__EXERCISE BRIEF__:
Transcribe the whole listing below. Pictures do not go in the copy.
BEGIN
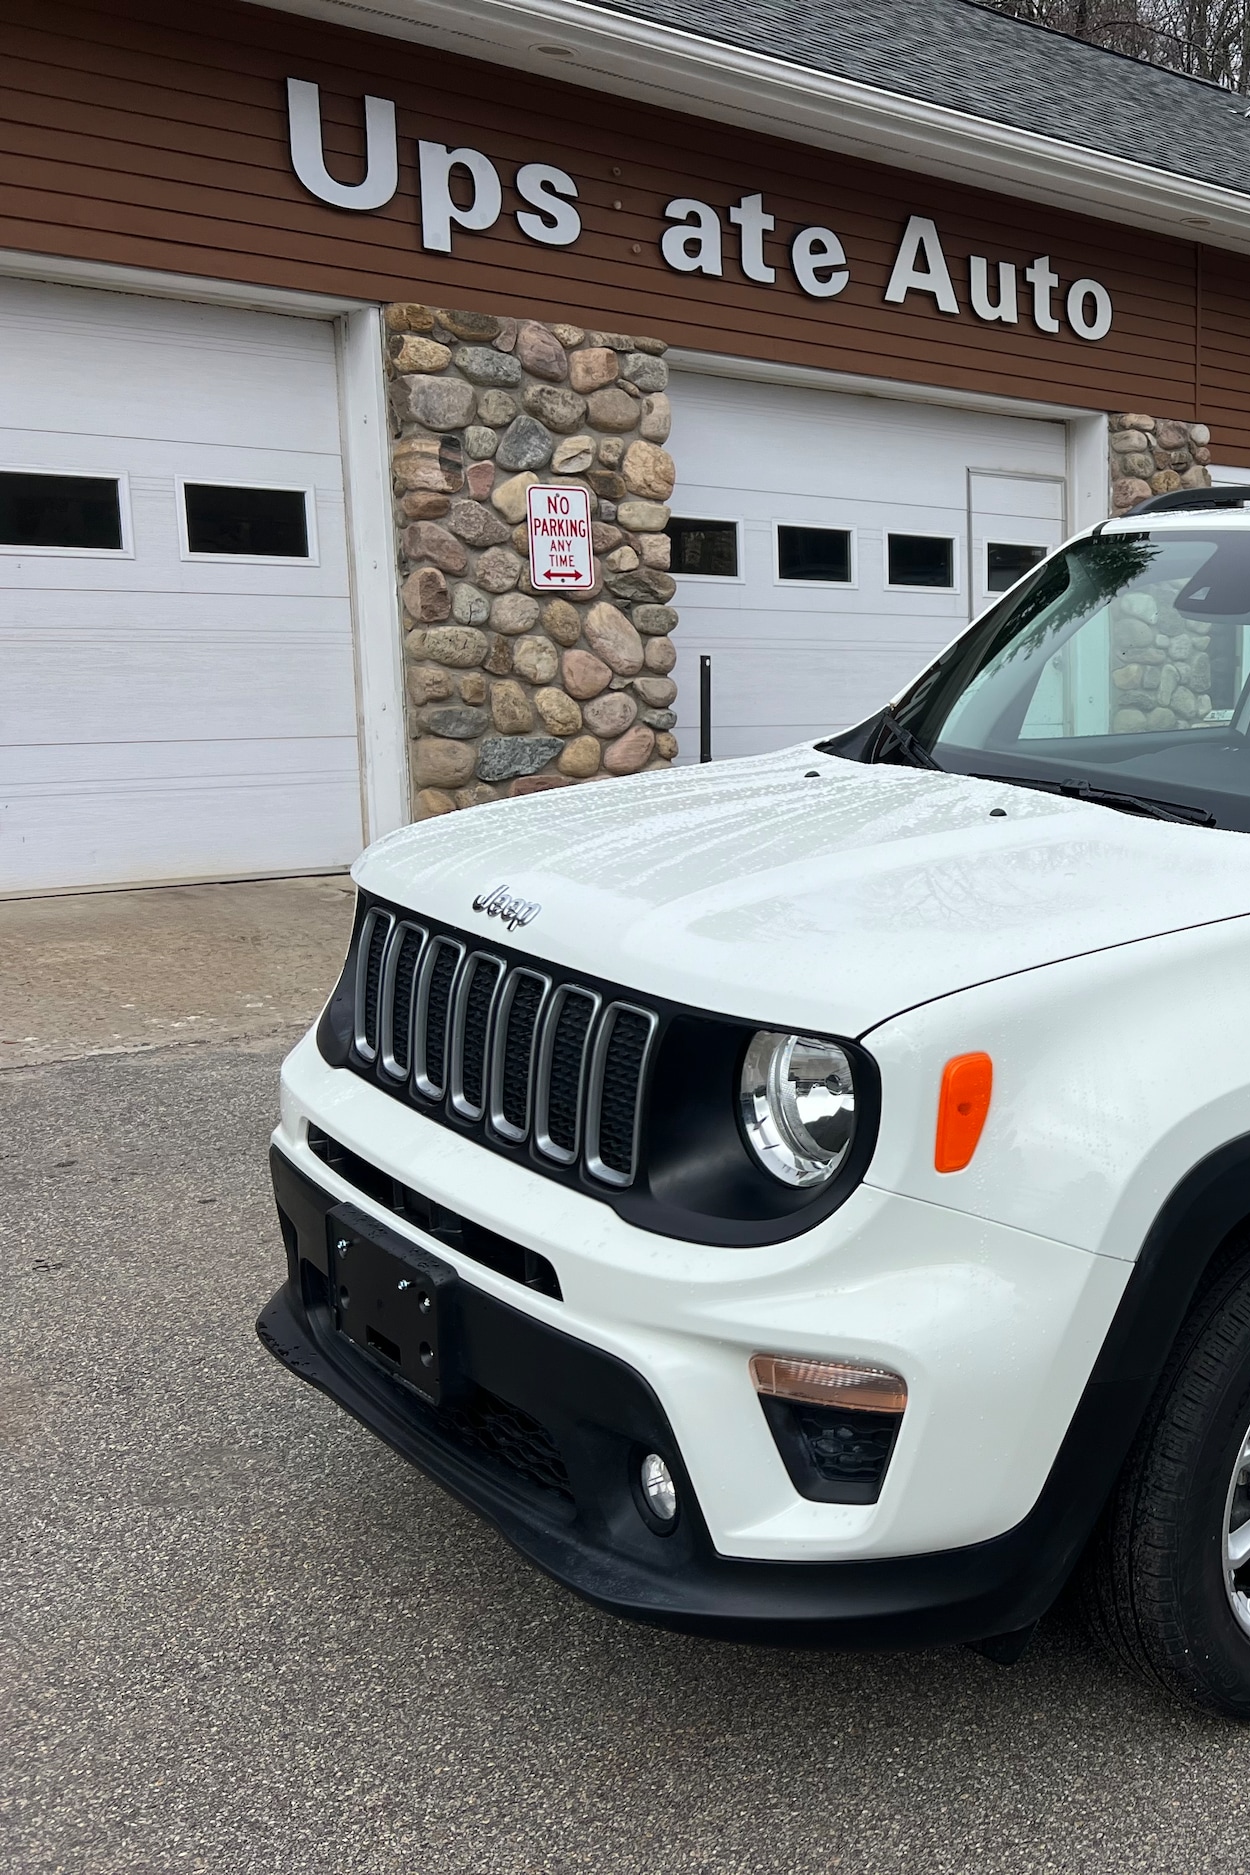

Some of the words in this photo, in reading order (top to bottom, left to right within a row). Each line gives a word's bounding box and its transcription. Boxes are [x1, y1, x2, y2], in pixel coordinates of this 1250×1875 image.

[884, 214, 1114, 342] Auto
[547, 496, 570, 514] NO
[534, 518, 586, 538] PARKING
[550, 539, 572, 552] ANY
[549, 554, 575, 568] TIME
[472, 884, 542, 932] Jeep
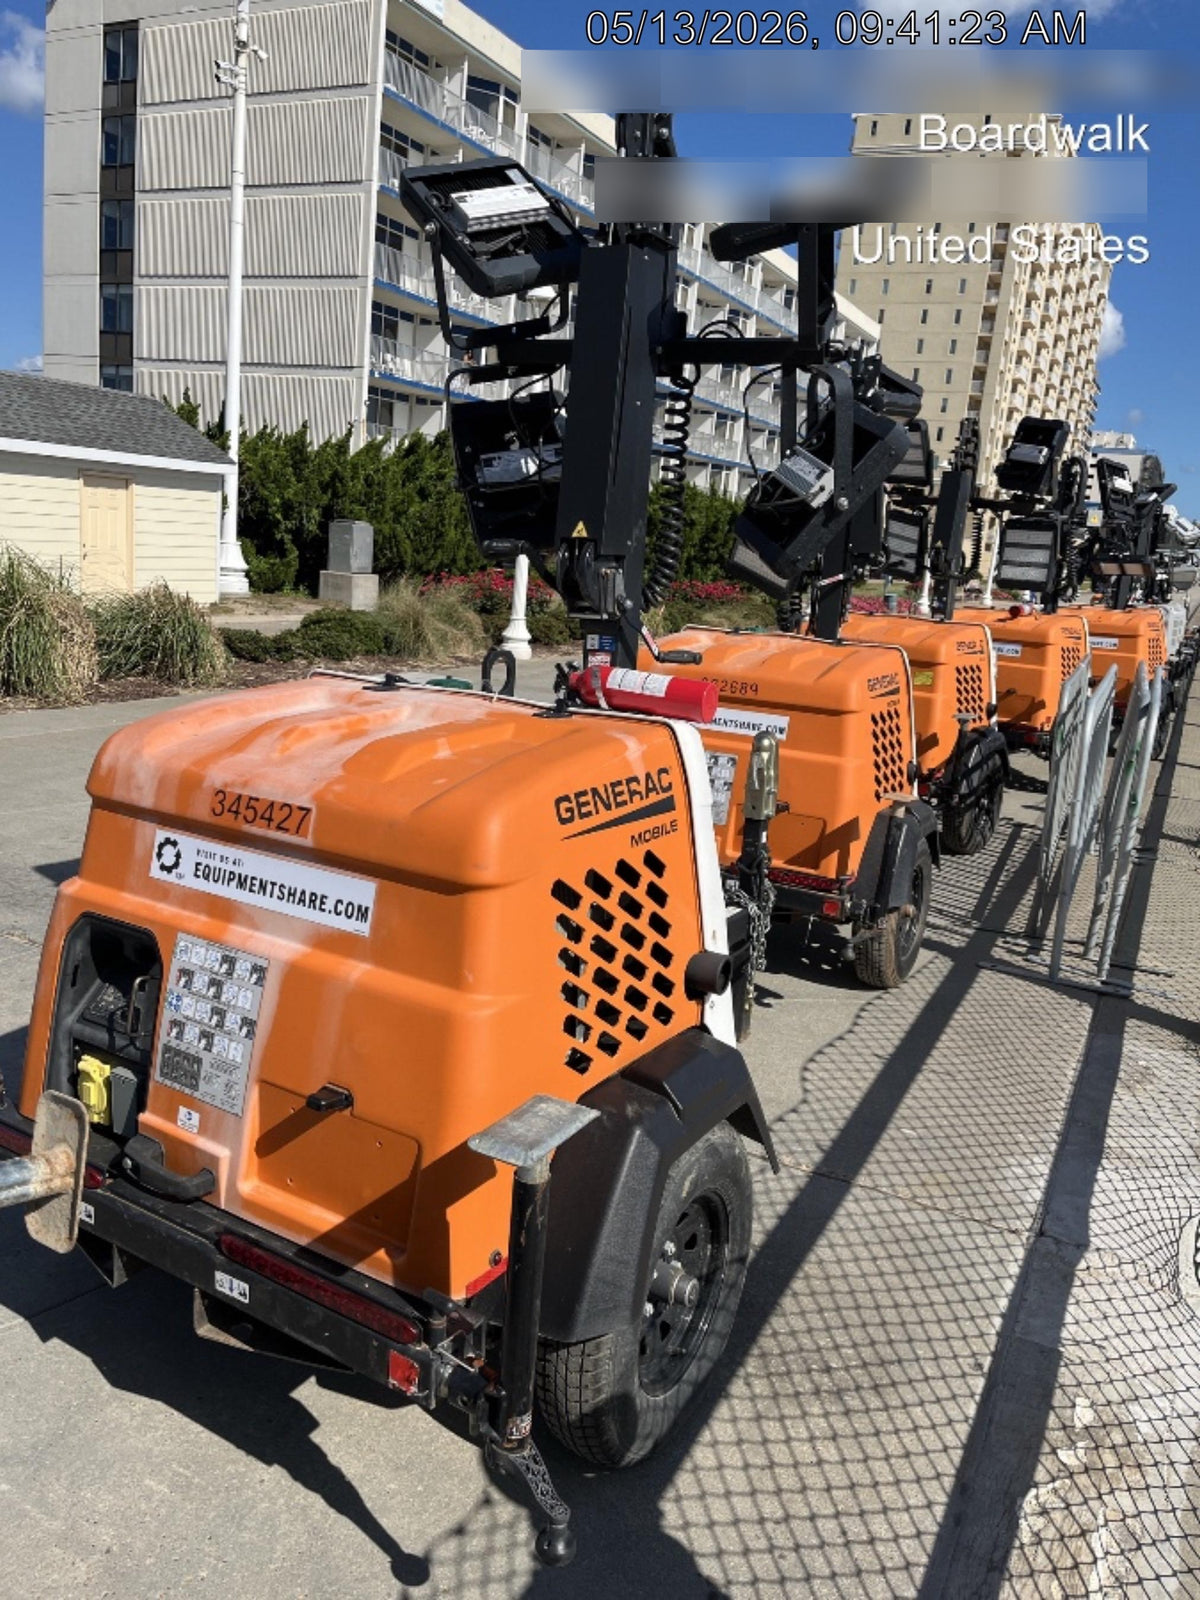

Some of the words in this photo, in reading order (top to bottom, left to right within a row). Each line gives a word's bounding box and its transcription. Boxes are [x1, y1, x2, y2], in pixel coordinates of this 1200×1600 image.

[702, 677, 758, 695] 2689
[211, 789, 312, 835] 345427
[554, 767, 674, 825] GENERAC
[630, 819, 679, 848] MOBILE
[193, 861, 369, 924] EQUIPMENTSHARE.COM
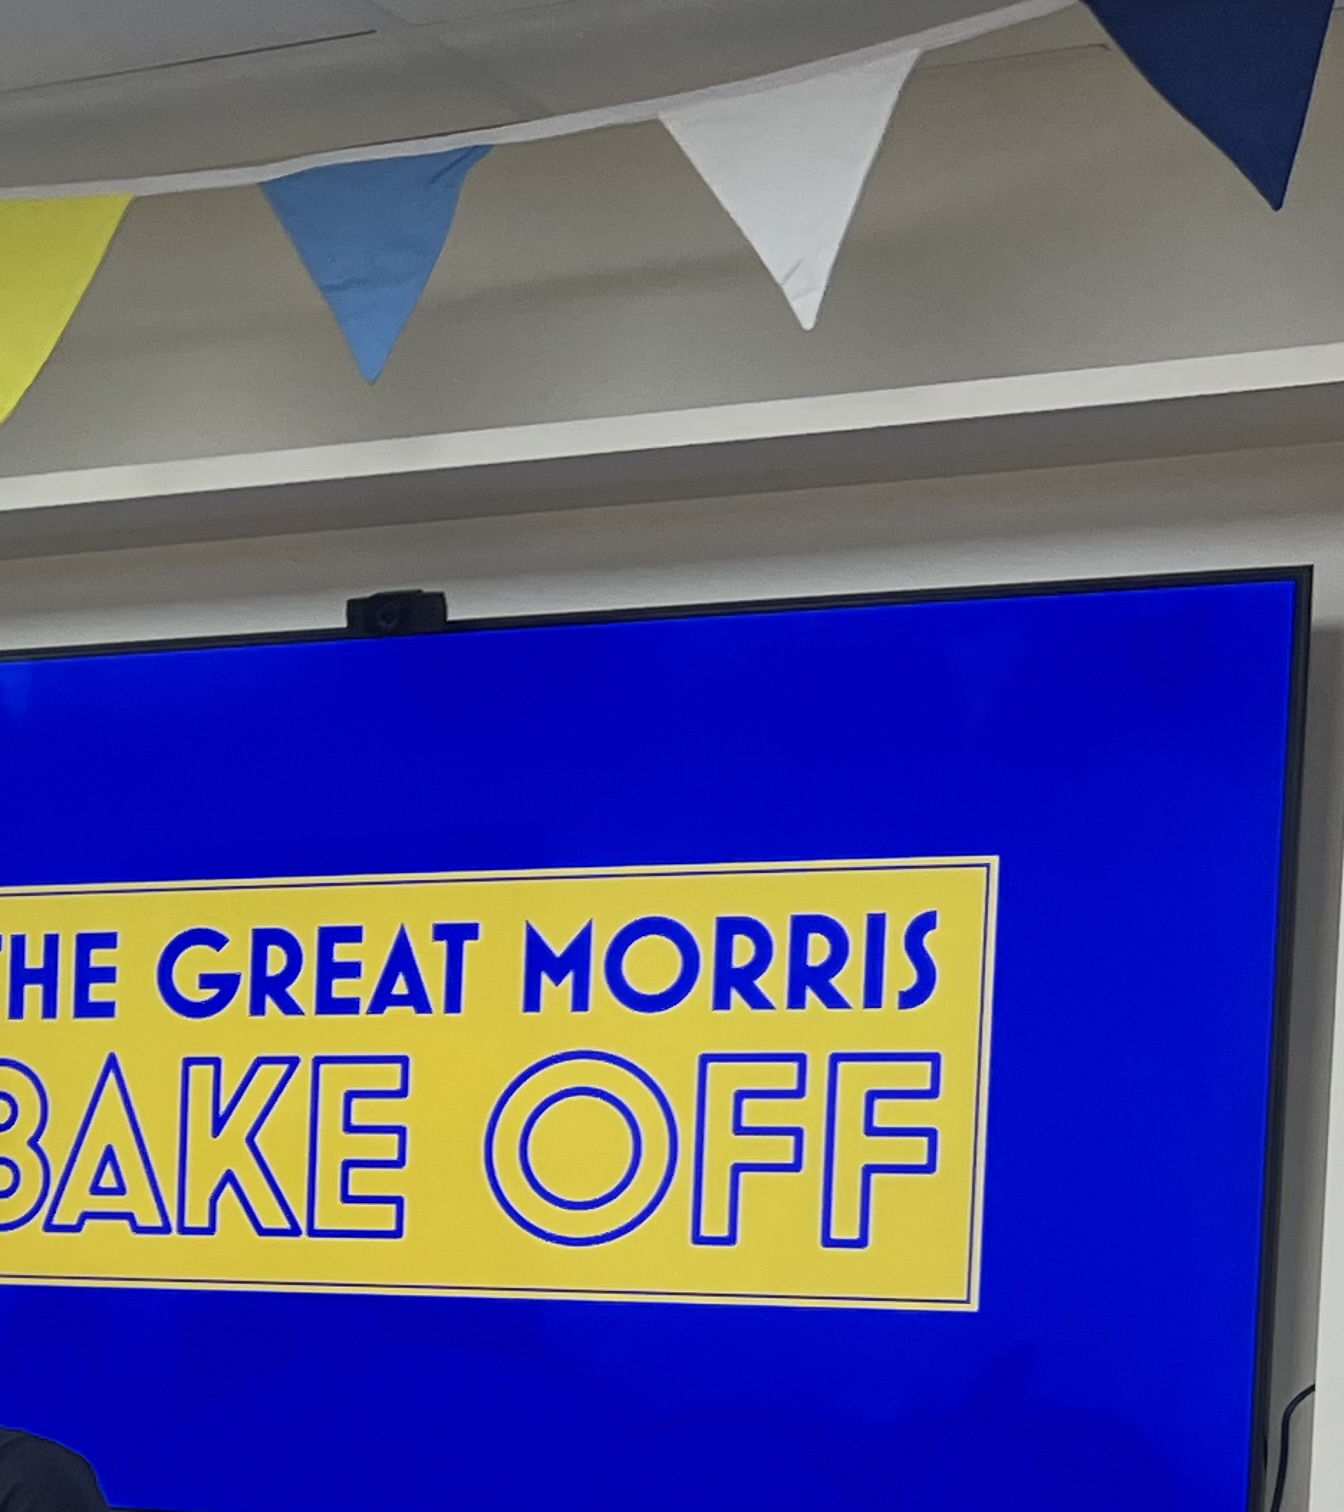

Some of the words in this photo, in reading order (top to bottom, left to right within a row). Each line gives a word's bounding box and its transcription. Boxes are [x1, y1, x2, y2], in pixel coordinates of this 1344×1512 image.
END
__REPLY__:
Some of the words in this photo, in reading order (top to bottom, left to right within a row). Each line gives a word's bounding box and its transcription. Boxes are [x1, y1, x2, y2], in pixel coordinates of this 1250×1875 image.

[884, 214, 1114, 342] Auto
[547, 496, 570, 514] NO
[534, 518, 586, 538] PARKING
[550, 539, 572, 552] ANY
[549, 554, 575, 568] TIME
[472, 884, 542, 932] Jeep

Some of the words in this photo, in reading order (top to bottom, left to right within a row). Each line gives a word's bounding box and its transcription. Boxes are [x1, y1, x2, y2], in pixel coordinates of this 1200×1600 image.

[702, 677, 758, 695] 2689
[211, 789, 312, 835] 345427
[554, 767, 674, 825] GENERAC
[630, 819, 679, 848] MOBILE
[193, 861, 369, 924] EQUIPMENTSHARE.COM

Some of the words in this photo, in reading order (top to bottom, left to right within a row). Each line gives a word's bounding box and its transcription. Boxes are [x1, y1, x2, y2], in pixel coordinates of this 1344×1512 image.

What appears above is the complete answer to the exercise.